Candles for next year's advent spiral, still in process

-Add colored wax in different shapes and designs. It's nice to dip one final time after adding colors to help the colors adhere.
-Press beads into the candle while still warm.  One final dip with help the beads adhere.
-Coil the wick around a pencil to make a spiral. To do this, dip the wick 2-3 times, then coil around the pencil allowing the wick to fully cool before removing the wick from the pencil.  After the next dip, you will need to adjust the coil a bit to retain the shape.  Play around with different widths and lengths.
-We found wooden pieces that allow you to dip multiple wicks at once. They came in a large Stockmar candle making kit. You could also make your own fairy easily by cutting notches in a small piece of wood.

The start of a spiral candle
 You may pour the remaining wax  into containers to make votive type candles. Think espresso cups, ceramics that your children made in preschool, little metal boxes- as long as it can handle a little heat, you can use it.  Dip the pretabbed wicks in the wax, then press them into the bottom of the container. Gently pour the was into the container. Bobby pins or clothespins work well to keep the wick straight up an down.  If you have any leftover wax you may pour it into plastic deli containers to save for another year.

Pouring the wax

Votive type candles
 This year we also treated ourselves with a galette des rois, the French Three Kings' Cake.   ChocolateandZucchini has an amazing recipe that I followed  (using Triple Sec for the liqueur and Trader Joe's puff pastry.)  Mine didn't look quite as pretty but it tasted wonderful.  We will be making that one again.  My college-aged niece found the feve and proudly wore her crown. 

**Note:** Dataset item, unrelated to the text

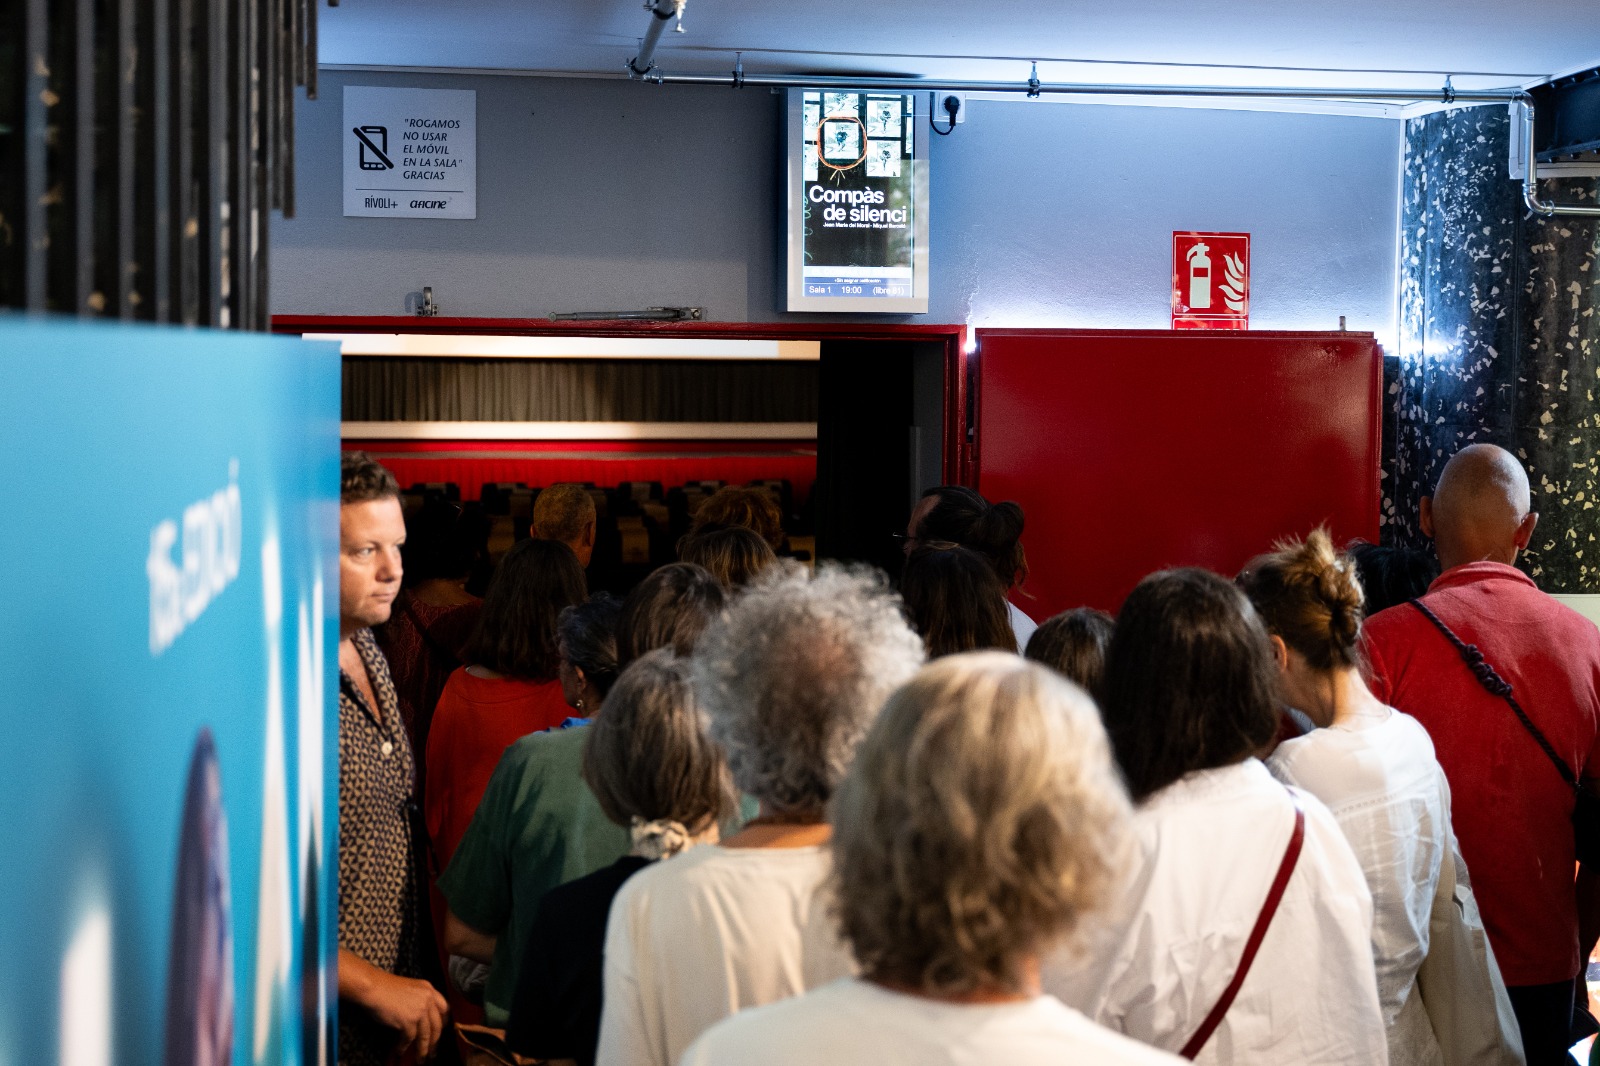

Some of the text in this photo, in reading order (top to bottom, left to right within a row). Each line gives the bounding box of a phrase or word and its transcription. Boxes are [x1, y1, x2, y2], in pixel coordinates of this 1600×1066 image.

Laissez les bon temps rouler!


  1. Oh - Laissez les bon temps rouler - you made me rire my head off. This is a beautiful tutorial, and the spiral candles are simply fab. thank you for the work you went to on this entry - it was really very well done. (that sounds like a spam comment. shoot). But it was. Lovely.

    1. K- Thanks for your kind words. It's been such fun watching the children get more and more creative every year with the candles. I'm still learning about the wonderful world of blogging so I very much appreciate the comments.

  2. Goodness, your candles turned out beautifully! What a lovely blog you have here. Blessings to you.

    1. Kelly- thank you for yor lovely comments. We started this tradition many years ago with simple dipped candles. The children have had such fun coming up with new designs and methods of shaping candles. As children are want to do, they always have new creative ideas. This year there was even a wrapping method that involved a beer bottle (dads and college kids!)